The Commons disagreed to this Amendment but proposed the following Amendment in lieu thereof:

46 Page 41, line 37, leave out from 'repaid' to 'or' in line 42 and insert 'any sum the right to payment of which, if the sum had been repaid, would, following the service of a notice under section 21 above, have been treated as a security or part of a security under subsection (6) of that section.

Lord McCLUSKEY

My Lords, I beg to move that this House doth not insist on their Amendment No. 45, to which the Commons have disagreed, but doth agree to Amendment No. 46 proposed by the Commons and to the words so inserted into the Bill. With the leave of noble Lords, I will deal with Amendments Nos. 56 and 57 at the same time and move them in due course. First, I am indebted to the noble Earl, Lord Ferrers, who, before I rose to my feet, pointed out a number of errors in Amendment No. 46 as printed.
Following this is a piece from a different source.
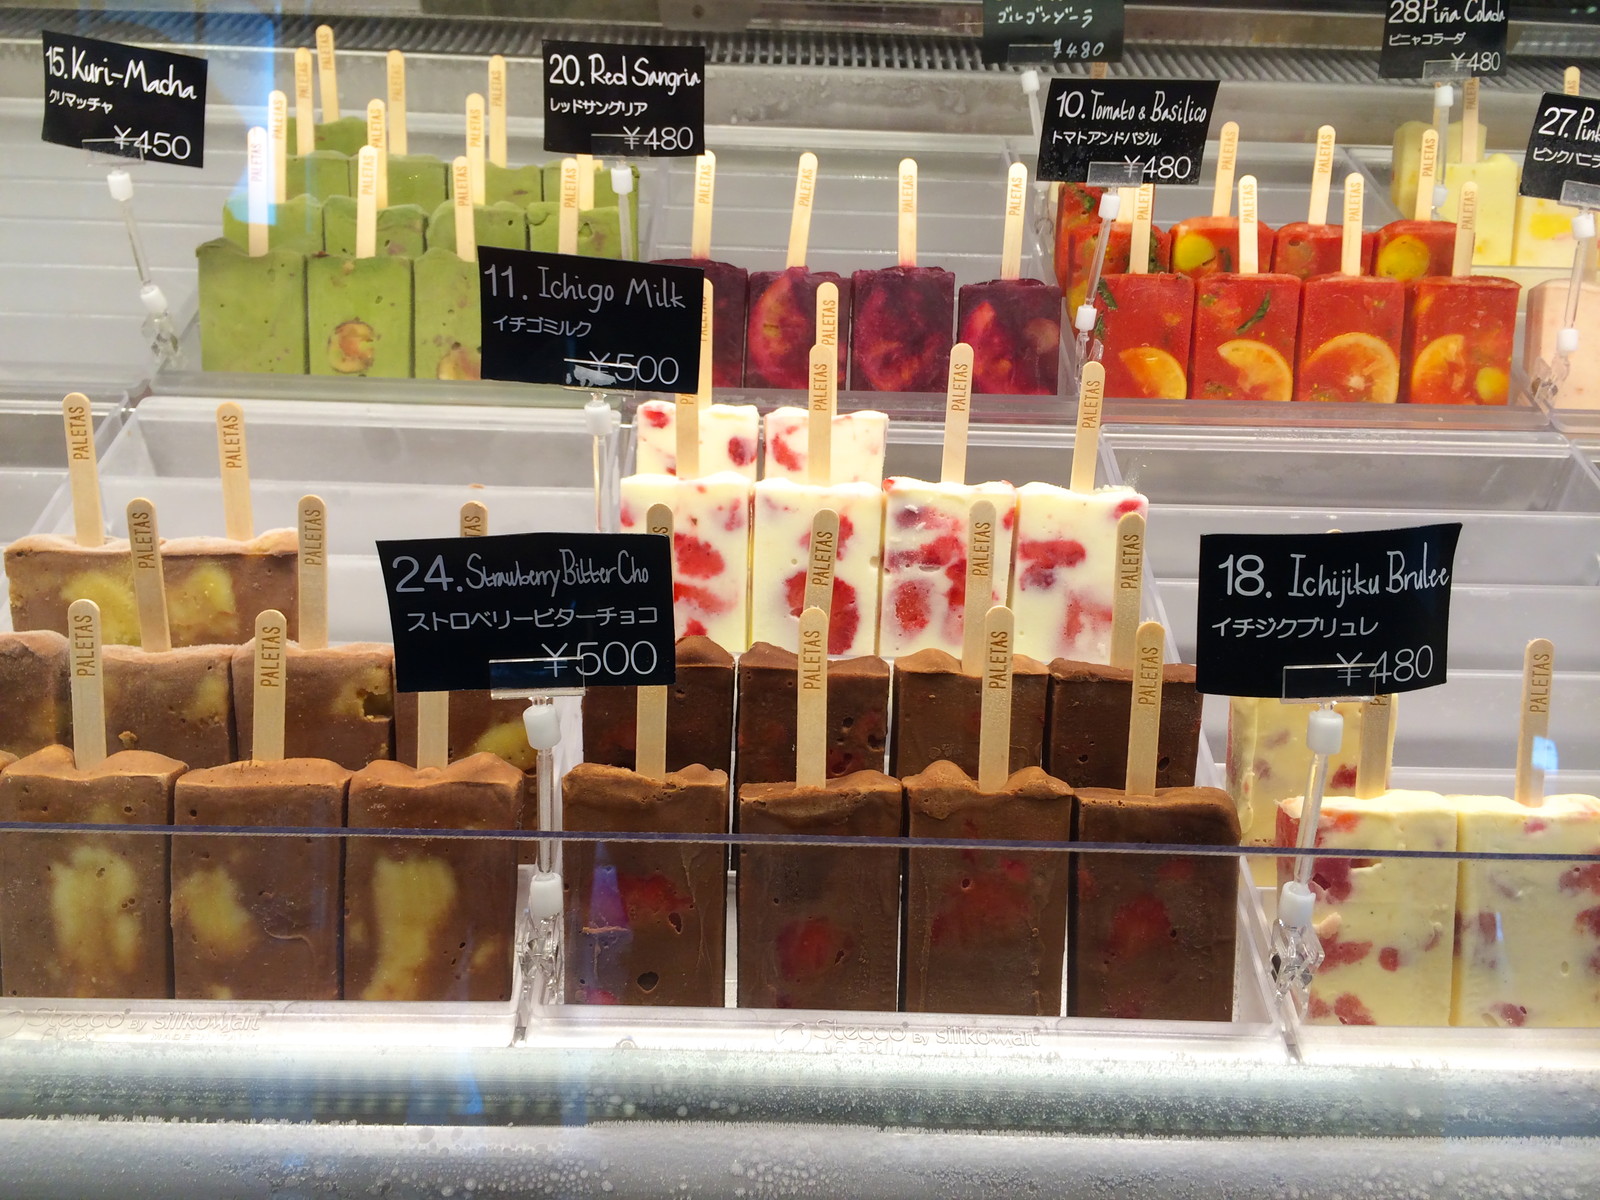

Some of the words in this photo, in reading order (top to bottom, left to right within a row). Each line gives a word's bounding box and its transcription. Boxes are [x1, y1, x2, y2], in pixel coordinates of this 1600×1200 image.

That gave us time to inquire into the cause, as a result of which I can tell noble Lords—and I look at No. 46—that it should read as follows: Page 41, line 37, leave out from 'repaid' to 'or' in line 42 and insert' any sum the right to repayment of which, if the sum had not been repaid, would, following the service of a notice under section 21 above, have been treated as a security or part of a security under subsection (6) of that section'". I can direct the noble Earl's attention to the Official Report of the Commons proceedings in column 752, where he will find that in fact, before the Commons, the Amendment was in the correct form and that a printing error has crept in between that stage and this.

My Lords, it was suggested by the noble Earl, Lord Ferrers, during our Report stage that the drafting of Amendment No. 45—and this applies to No. 56 as well—was defective. We agreed to consider that matter, and on consideration we agree with his view. The two Amendments proposed in lieu have the effect of keeping more closely to the drafting included in the Bill as it first left the Commons. I therefore beg to move.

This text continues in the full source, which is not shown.